Invest $5,000 in This Dividend Stock for Steady Passive Income

Propel Holdings isn’t your typical utility or bank — it’s a fintech company focused on digital payments and financial-services infrastructure that has started returning profit to shareholders through a dividend. This combination of tech growth and income makes it appealing for investors who want income plus the potential for capital appreciation over the long term.

One advantage of targeting a $5,000 investment like this is simplicity: you’re not relying on complex option strategies or leveraged products to get paid — you’re owning a business that distributes part of its earnings directly to shareholders. This can fit nicely inside a TFSA or RRSP where dividend income and future capital gains aren’t taxed, increasing how much you keep over time.

This strategy works best if you’re long-term focused and not reliant on dividends as your sole source of income right now. Dividend yields can fluctuate with price and company decisions, so it’s wise to pair a position like this with other stocks or ETFs that offer diversification across sectors and payout schedules.

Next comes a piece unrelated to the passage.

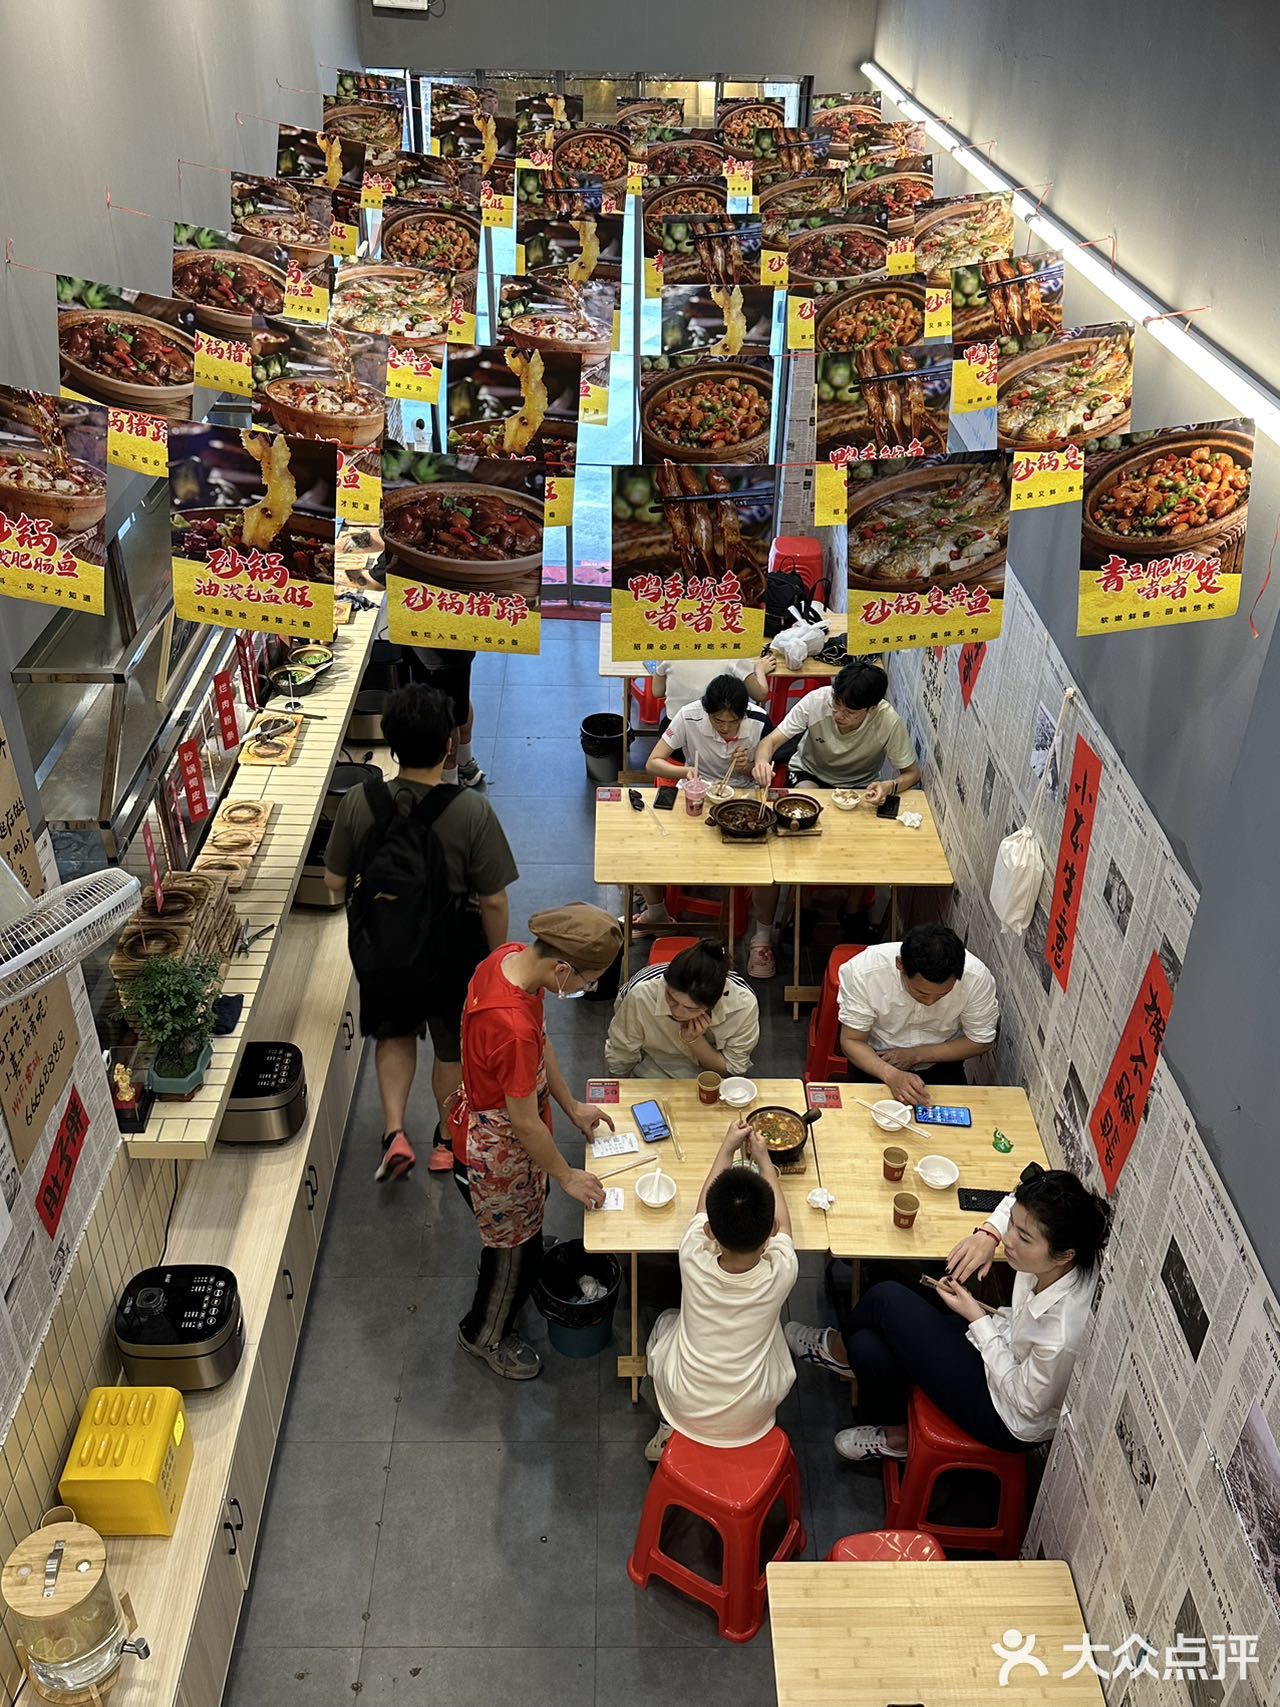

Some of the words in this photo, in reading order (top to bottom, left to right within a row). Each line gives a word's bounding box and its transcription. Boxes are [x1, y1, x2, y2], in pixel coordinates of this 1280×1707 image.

Also Read: Stock investment Canada for beginners

Another practical advantage of owning a stock like Propel is that dividend income can be reinvested automatically through a DRIP (Dividend Reinvestment Plan), accelerating compounding and potentially growing your payout each year without additional cash contributions.

Also Read: Best long term Canadian stocks

Bottom line: A $5,000 position in Propel Holdings could produce around $168 annually in passive income, which can be especially efficient when held inside tax-advantaged accounts. For investors who value both income and growth prospects, this kind of dividend stock can be a useful building block in a broader, diversified income portfolio.